After the song ended, the contestants stood panting on the stage, waiting anxiously for Merrie Cherry to announce the winner. Aja heard the crowd chanting her name.
“Well, I think it’s clear who won tonight,” Merrie said. “The winner of the very first DragNet finale — and, don’t worry, there will be others — is my sister … Untitled Queen.”
The audience gave a tepid cheer. Aja was gagged. “Don’t be rude. Clap for my girl,” Merrie exhorted. Aja stormed past Merrie and off the stage, barely concealing her anger. The winner was going to co-host DragNet with Merrie for the next year, and Aja thought that had to be the reason she didn’t win — Merrie knew that she would have overshadowed her.
Merrie found Aja after the show. “Babes, congratulations. You were great,” she said, trying to smooth things over. “It’s not shade, girl. You understand, right?”

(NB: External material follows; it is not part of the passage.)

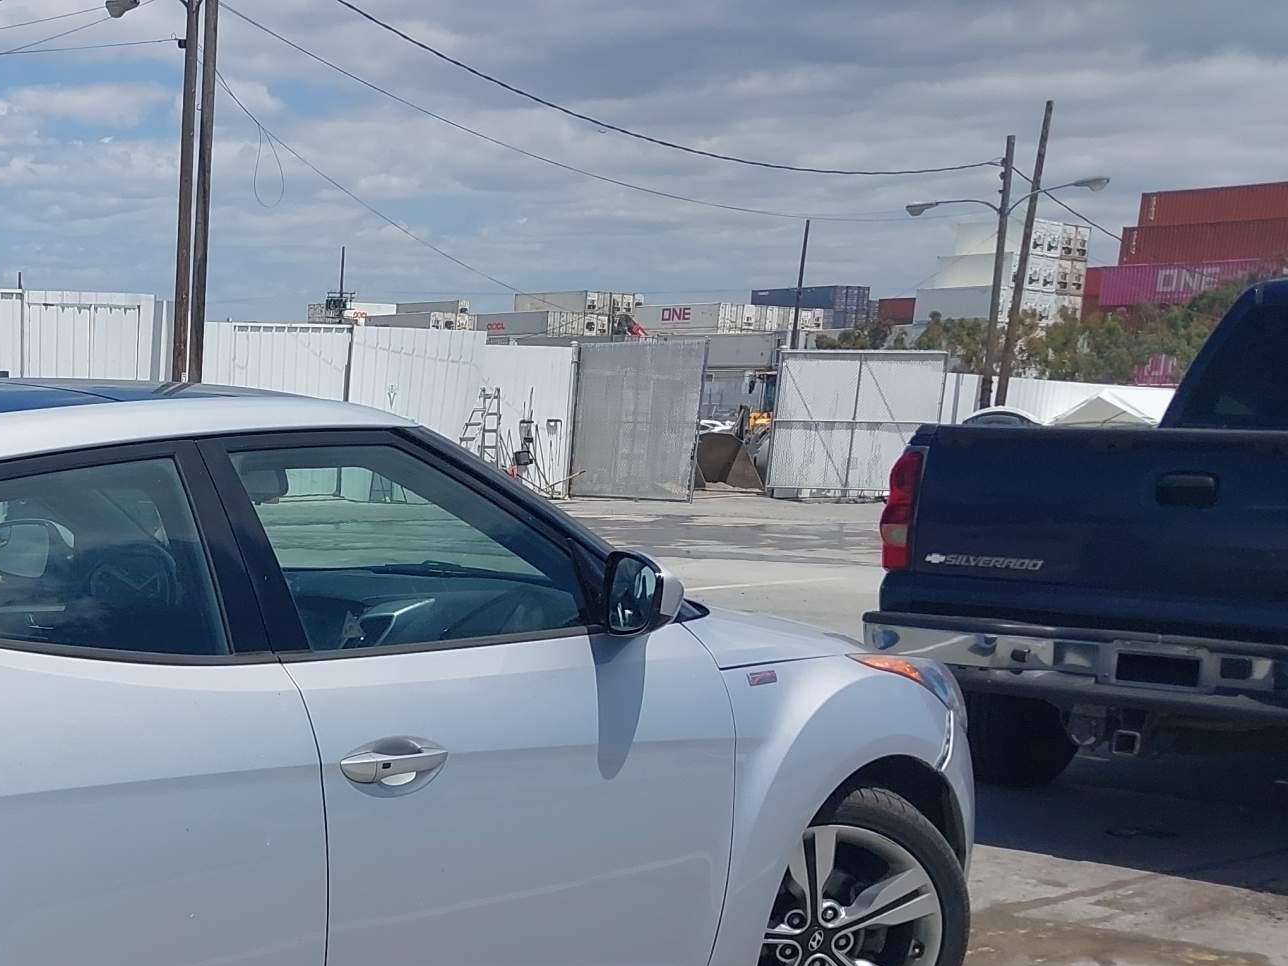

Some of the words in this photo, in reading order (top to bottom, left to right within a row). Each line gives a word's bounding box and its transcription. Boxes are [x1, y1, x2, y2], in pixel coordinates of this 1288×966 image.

[1157, 267, 1220, 292] ONE
[661, 307, 691, 322] ONE
[945, 554, 1044, 571] SILVERADO

“You know what, Merrie? I can’t talk to you right now. If I do, I will punch you in the face,” Aja snapped. The sputtering, red-hot frustration that lived inside her began to pour out. The need to be seen, the anger at being taunted and misunderstood, the sense that no matter what she did, there was no satisfaction, no way out. Drag helped to channel this resentment into jokes or dancing, but it hadn’t really changed anything, had it? Disrespect and disappointment were always lurking.
“Well, do you want to go outside?” Merrie stood up tall, wishing she hadn’t taken off her high heels. She puffed up her chest to look as big as possible.
Aja paused and noticed that everyone was staring at her. It seemed to Merrie that Aja was surprised she’d stood her ground.
“I’m leaving,” Aja announced. She felt like people always expected brown and Black girls to fight, and she did not want to be a stereotype. Merrie wasn’t worth her hands.
Merrie was gagged by the intensity of Aja’s anger. It was crazy to be screamed at in a bar but also shocking that anyone would be that upset about the contest.
Of course, Merrie had no idea that Aja and Esai were teenagers. She had never seen them out of drag, had never actually wondered about the rest of their lives. Not because she didn’t care but because the point of getting dressed up, changing your name, and performing in front of a room of mostly strangers was to be something — or someone — other than your everyday self. Everyone had aspirations, and everyone definitely had an ego. To Merrie, Aja and Kaos just seemed to have something else that made them pop off so easily.
Aja and Esai stormed out, shouting about “nepotism” and “favoritism.” Merrie took a minute to collect herself, then walked back to her perch at the bar, where a throng of well-wishers had gathered to congratulate her on a stunning finale.